Lo scorso venerdì Bennett e il ministro degli Esteri, Yair Lapid, si sono espressi duramente al riguardo. «Il corpo delle Guardie della rivoluzione islamica è un’organizzazione terroristica che ha assassinato migliaia di persone, compresi degli americani. Ci rifiutiamo di credere che gli Stati Uniti possano rivedere tale designazione», hanno scritto in un comunicato e sui canali social.

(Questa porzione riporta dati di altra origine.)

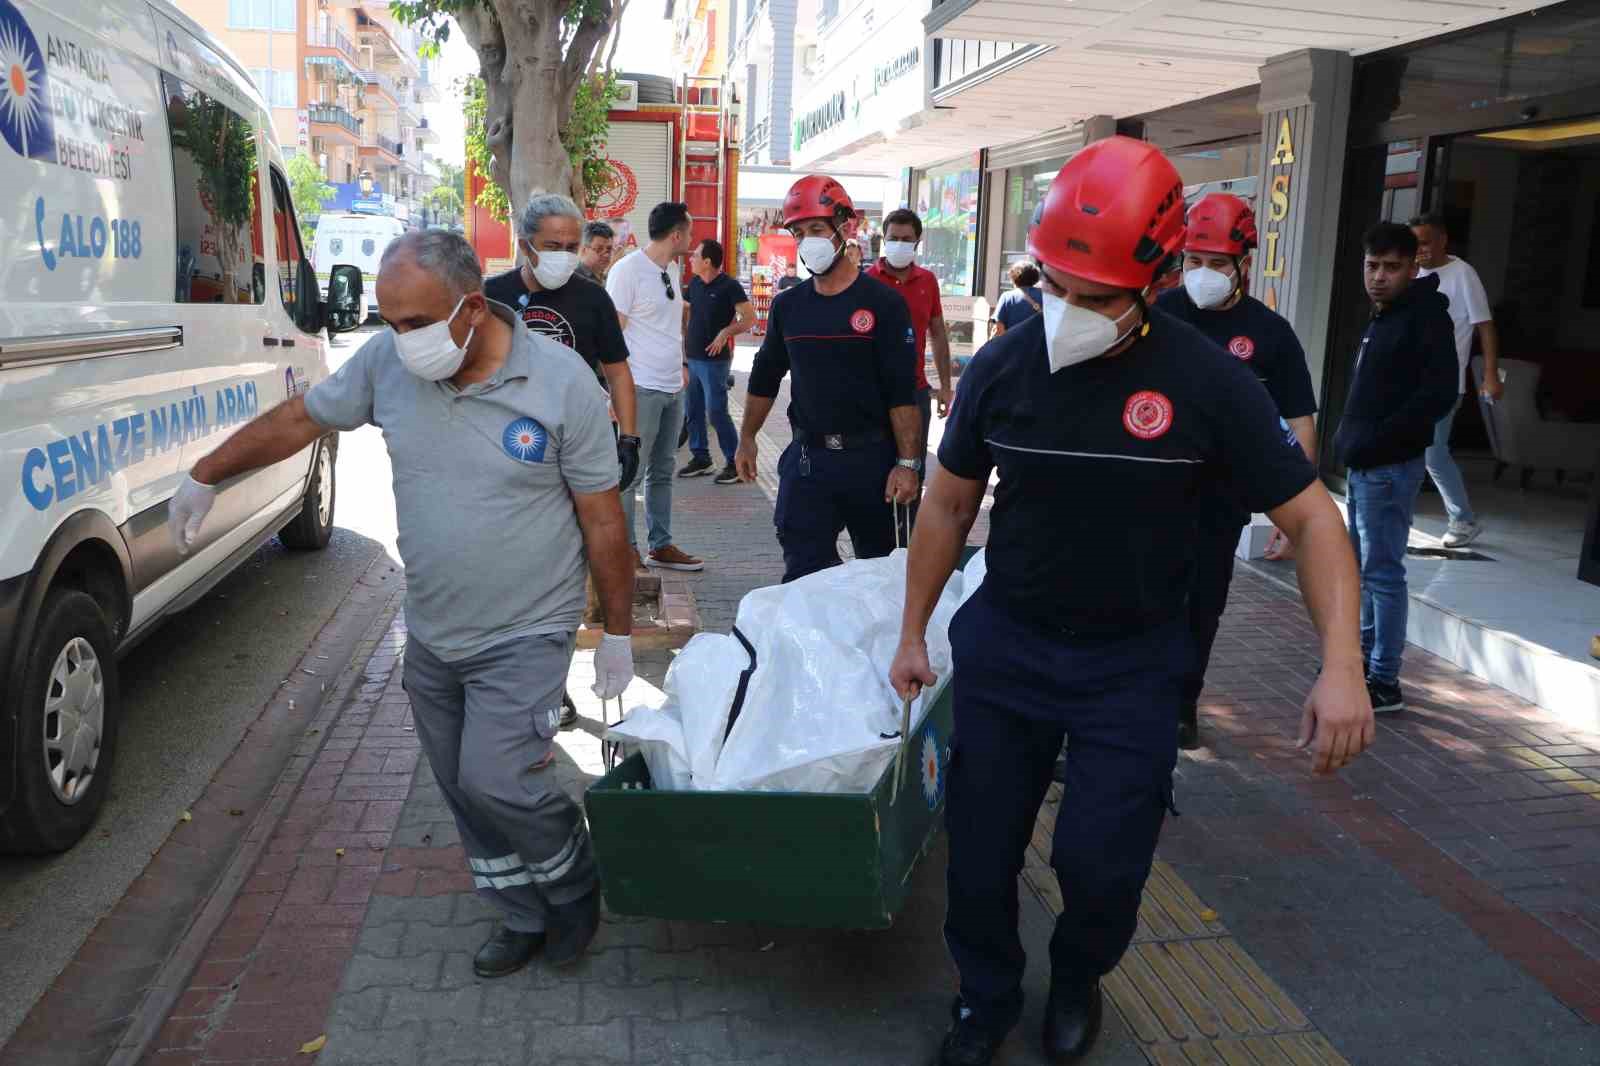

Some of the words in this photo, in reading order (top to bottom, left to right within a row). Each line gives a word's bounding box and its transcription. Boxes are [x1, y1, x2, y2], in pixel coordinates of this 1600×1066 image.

I due alleati di governo hanno poi elencato le organizzazioni nemiche sostenute da Teheran nella regione. «Le Guardie sono Hezbollah in Libano, sono la Jihad Islamica a Gaza, sono gli Houthi in Yemen, sono le milizie in Iraq», hanno protestato. Secondo fonti del giornale conservatore israeliano Jerusalem Post, l’ipotesi di una riabilitazione viene vissuta «come un grande shock» anche negli Emirati, preoccupati del conflitto per procura in Yemen. Ecco allora che l’incontro di Sharm El Sheikh si configura come un tentativo di fare fronte comune.

L’effetto Abramo

Abu Dhabi e Tel Aviv intrattengono relazioni ufficiali soltanto dall’autunno 2020, con l’avvento dei cosiddetti accordi di Abramo (già allora contò parecchio il nemico comune iraniano). Il processo di normalizzazione delle relazioni fra Israele e il mondo arabo ha poi coinvolto Bahrein, Marocco e Sudan.

L’effetto però si è fatto sentire anche su paesi che avevano già stretto accordi di pace in passato con lo stato ebraico, ma con cui le relazioni rimanevano fredde, come la Giordania e lo stesso Egitto. Amman e il Cairo hanno messo fine allo stato di guerra con Tel Aviv rispettivamente nel 1994 e nel 1979, ma hanno a lungo limitato gli scambi allo stretto necessario.

Come conferma lo stesso summit di ieri a Sharm El Sheikh, nell’ultimo anno e mezzo circa il Cairo ha dimostrato una disponibilità e trasparenza senza precedenti nell’aumentare la cooperazione col vicino settentrionale. Ha autorizzato collegamenti aerei regolari, inviato un ministro in Israele, e organizzato l’incontro fra uomini d’affari israeliani ed egiziani più grande degli ultimi vent’anni. In occasione della prima visita di Bennett in Egitto, lo scorso settembre, la bandiera israeliana è stata messa in bella mostra dietro ai due leader: all’epoca di Hosni Mubarak e Benjamin Netanyahu non era a favore di telecamera.